本文來自書籍Analytical Method Validation and Instrument Performance Verification，作者為Chung Chow Chan, Herman Lam, Y. C. Lee, Xue-Ming Zhang。

　　本文翻譯自：

　　Chaper 4 DISSOLUTION METHOD VALIDATION

　　本文作者：

　　CHUNG CHOW CHAN, PH.D., NEIL PEARSON, AND ANNA REBELO-CAMEIRAO

　　Eli Lilly Canada, Inc.

　　Y. C. LEE, PH.D.

　　Patheon YM, Inc.

　　4.1簡介

　　在藥物分析實驗室中，溶出測試方法是一種最常見的分析技術，主要應用于口服固體制劑的體外溶出測定。
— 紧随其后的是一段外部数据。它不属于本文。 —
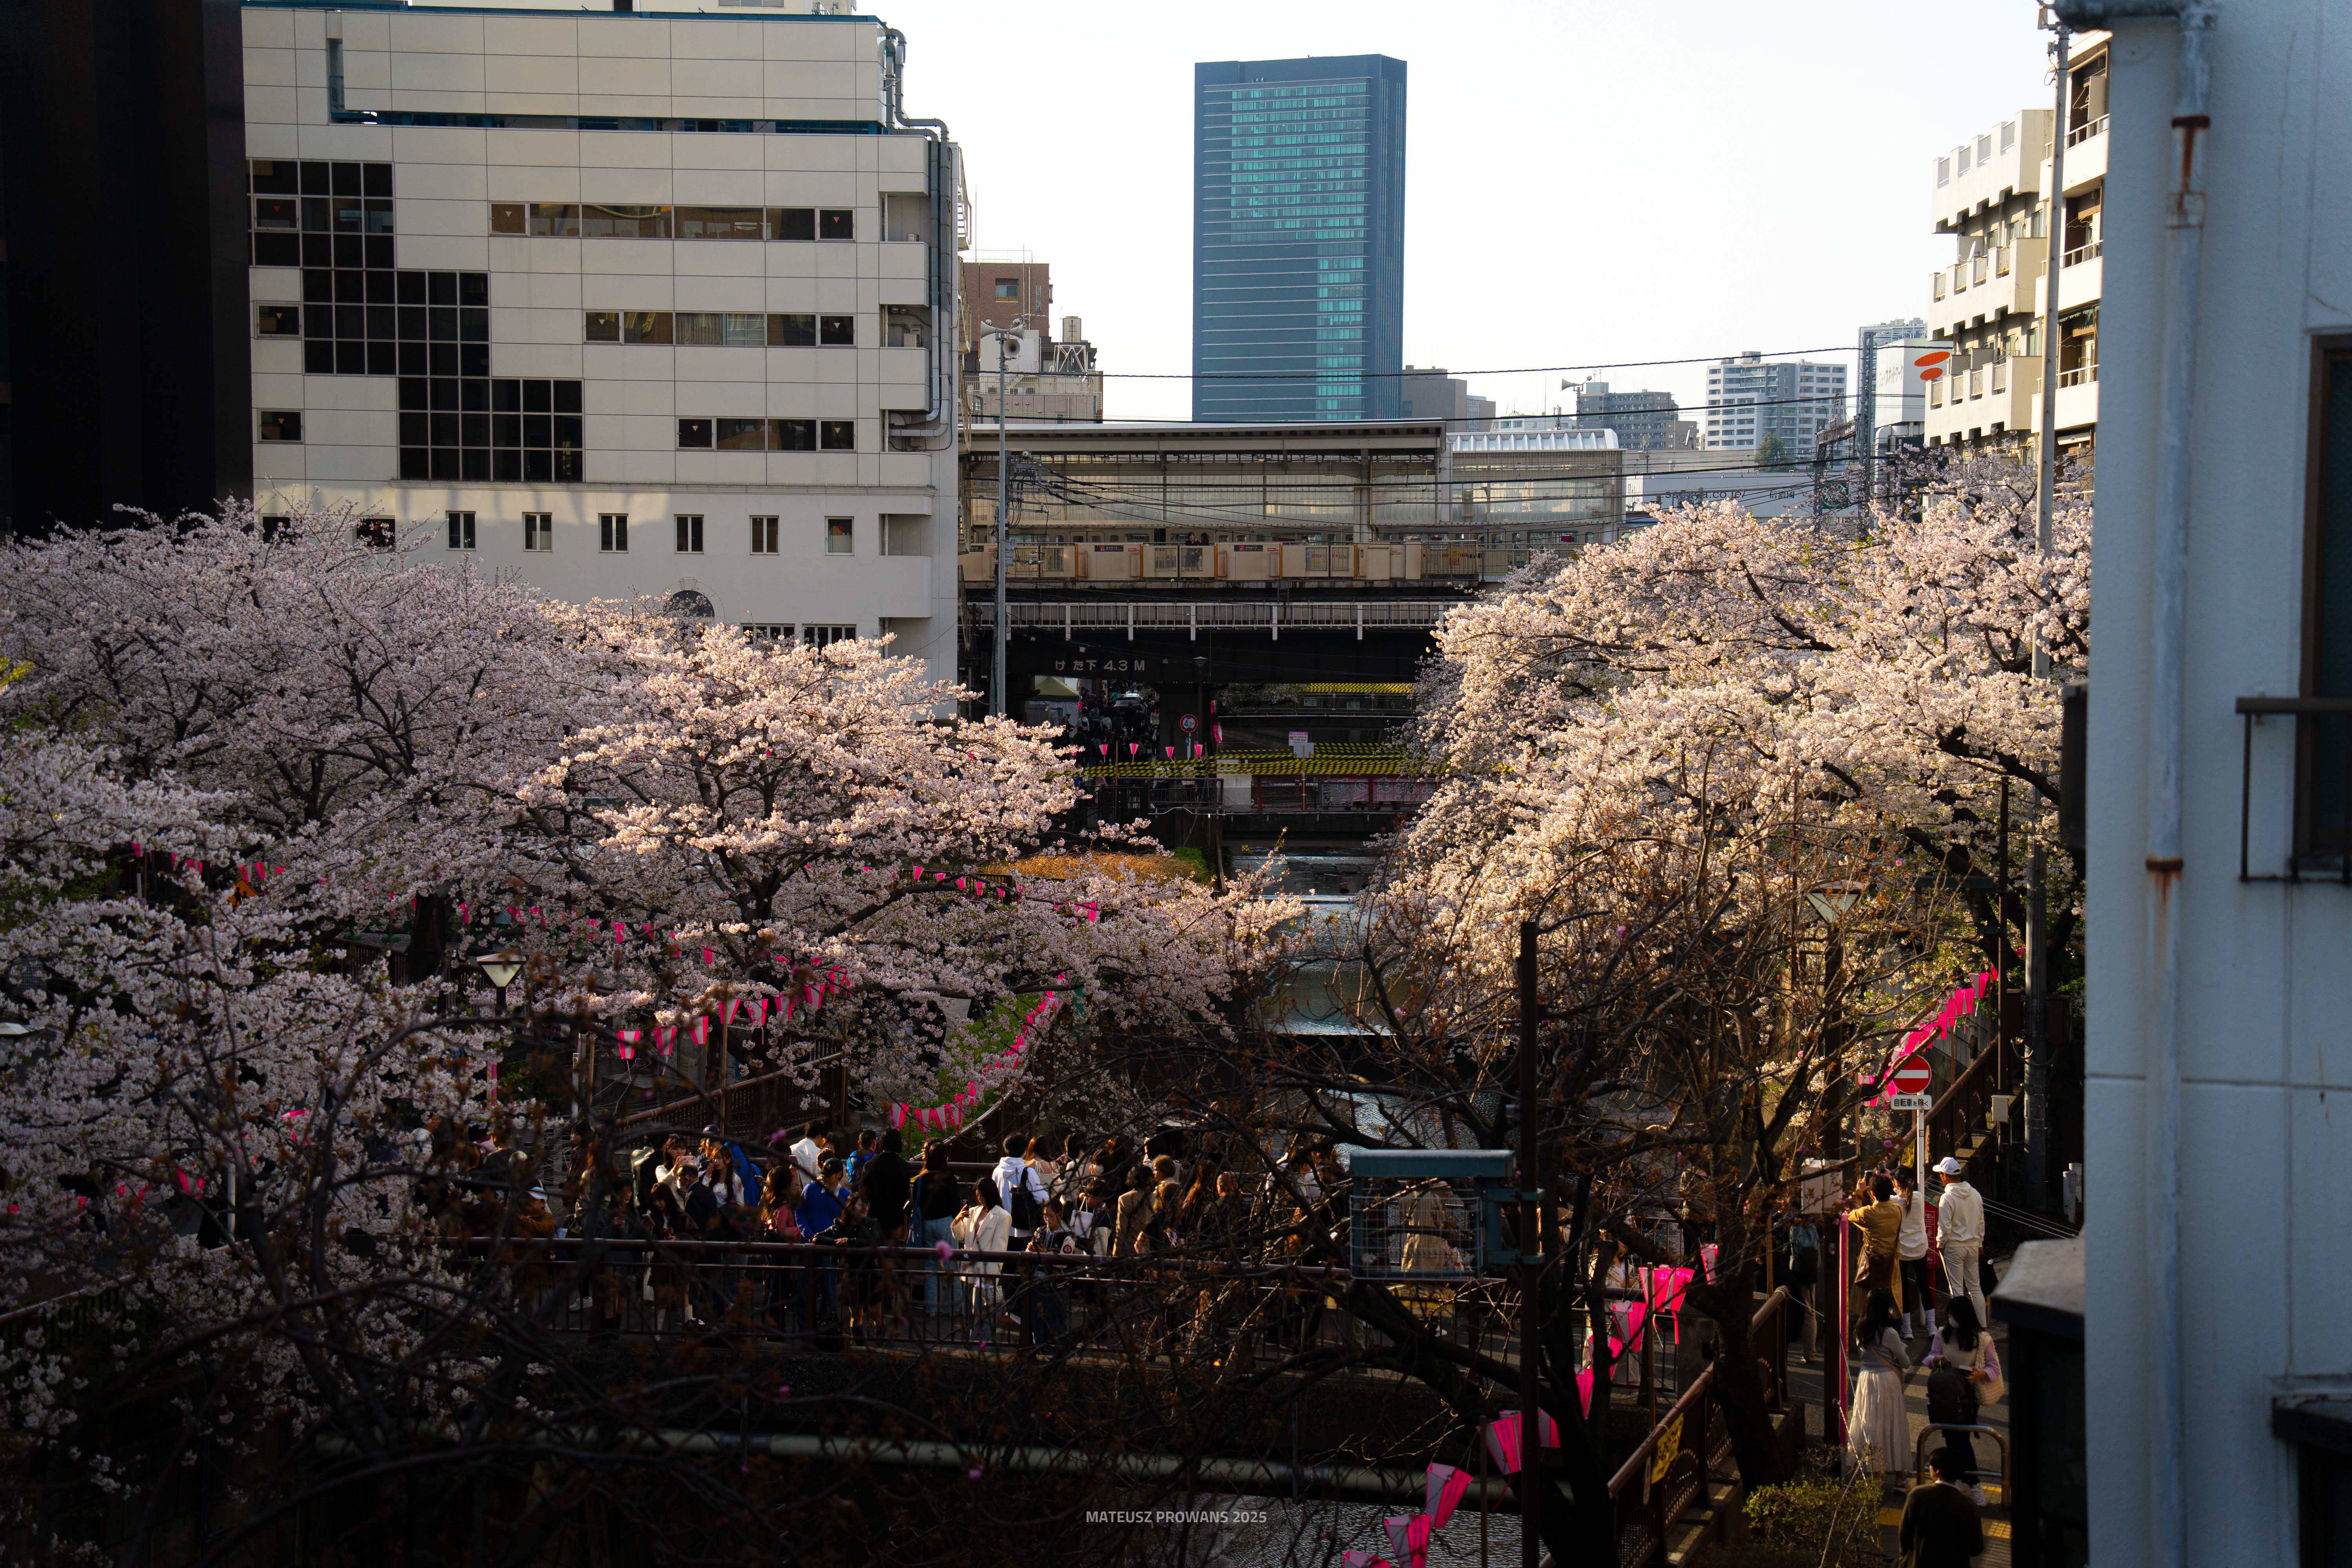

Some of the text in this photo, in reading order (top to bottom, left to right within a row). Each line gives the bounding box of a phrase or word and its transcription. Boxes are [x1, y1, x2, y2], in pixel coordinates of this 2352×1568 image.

[1055, 660, 1145, 671] けた下 4.3 M
[1894, 1098, 1929, 1107] 自転車を除く
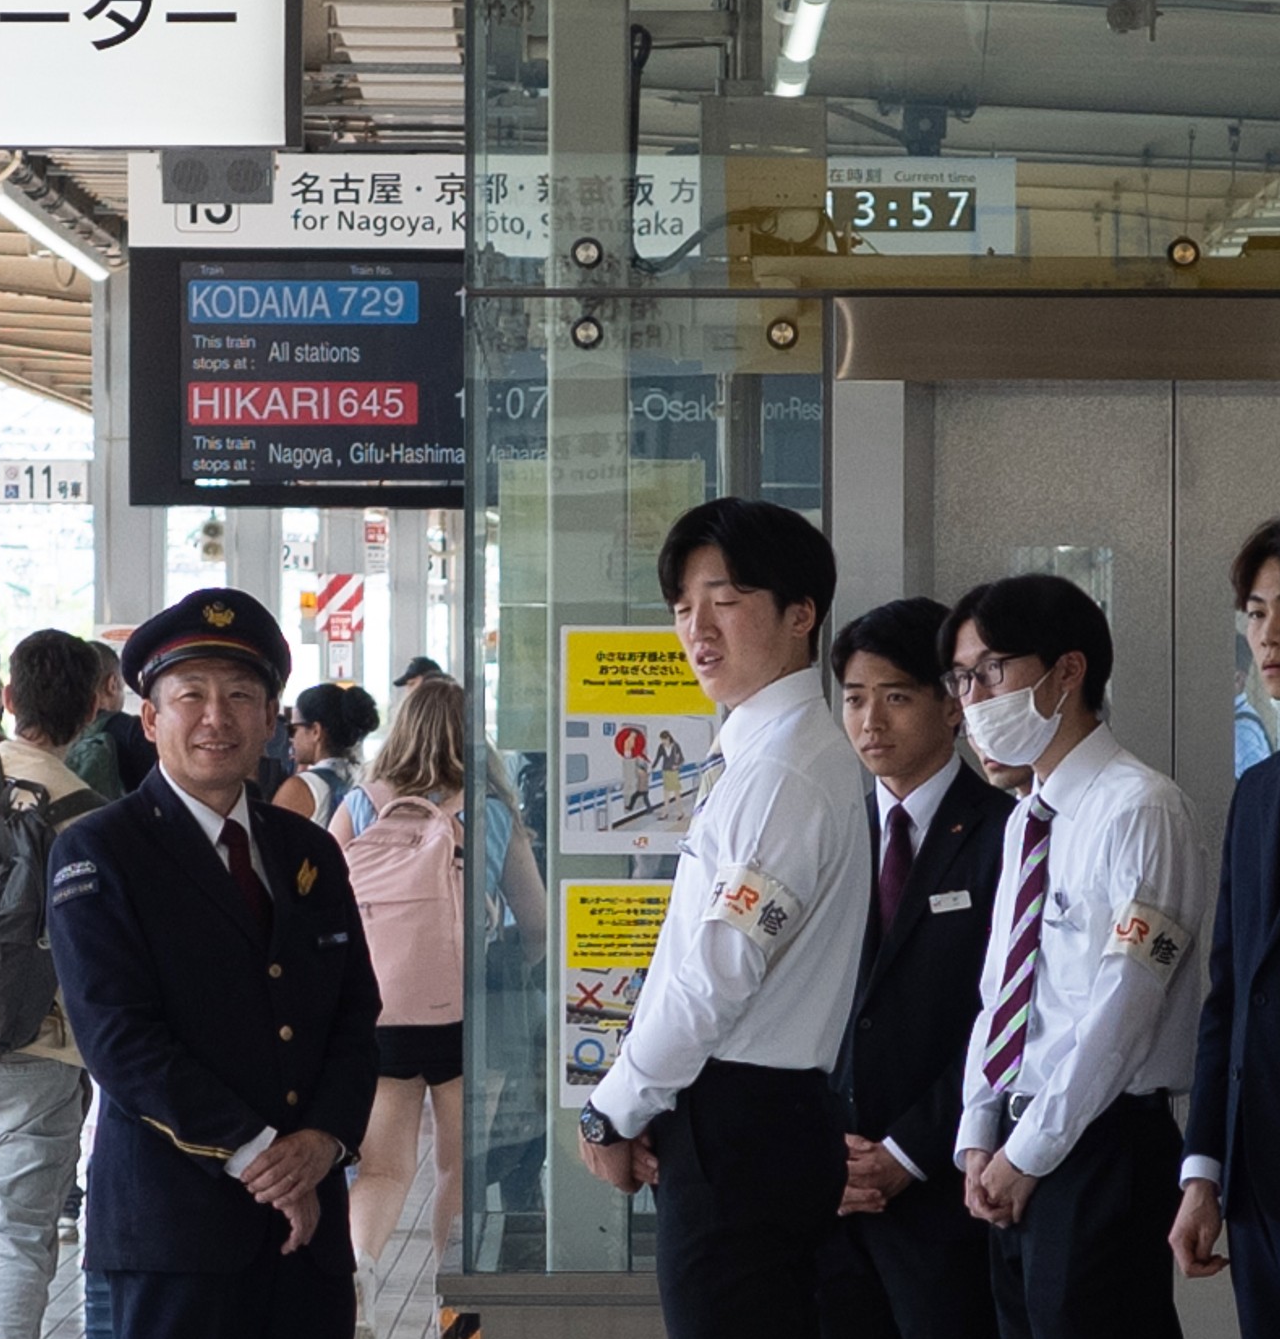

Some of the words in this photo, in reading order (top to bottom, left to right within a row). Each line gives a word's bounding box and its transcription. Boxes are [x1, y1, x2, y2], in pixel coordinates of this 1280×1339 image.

溶出測試可以作為描述制劑特性的方法(如含量、有關物質)的補充。

　　一個好的溶出測試方法應能提供三個關鍵方面的信息。

　　首先，溶出方法應能夠檢測產品由于理化性質變化引起的藥物釋放速率或量的變化。這些信息有助于建立批與批(batch-to-batch)生產一致性的質控。

　　其次，溶出方法應能區(qū)分在開發(fā)階段使用不同工藝和/或處方制備的產品。

　　最后，建立體內-體外相關性后，溶出應能反應人體內藥物的釋放和吸收速率。

　　然而，并不是所有藥物的溶出方法都能滿足以上三個方面的功能。

　　譯者注解：我們假設一種極端情況，如果片劑不能崩解，其中的活性成分不能溶出，即使含量與有關物質均符合規(guī)定，那也不會產生應有的藥效。因此可以看出溶出度是口服固體制劑的一項關鍵質量屬性，評價它的就是溶出度檢測方法。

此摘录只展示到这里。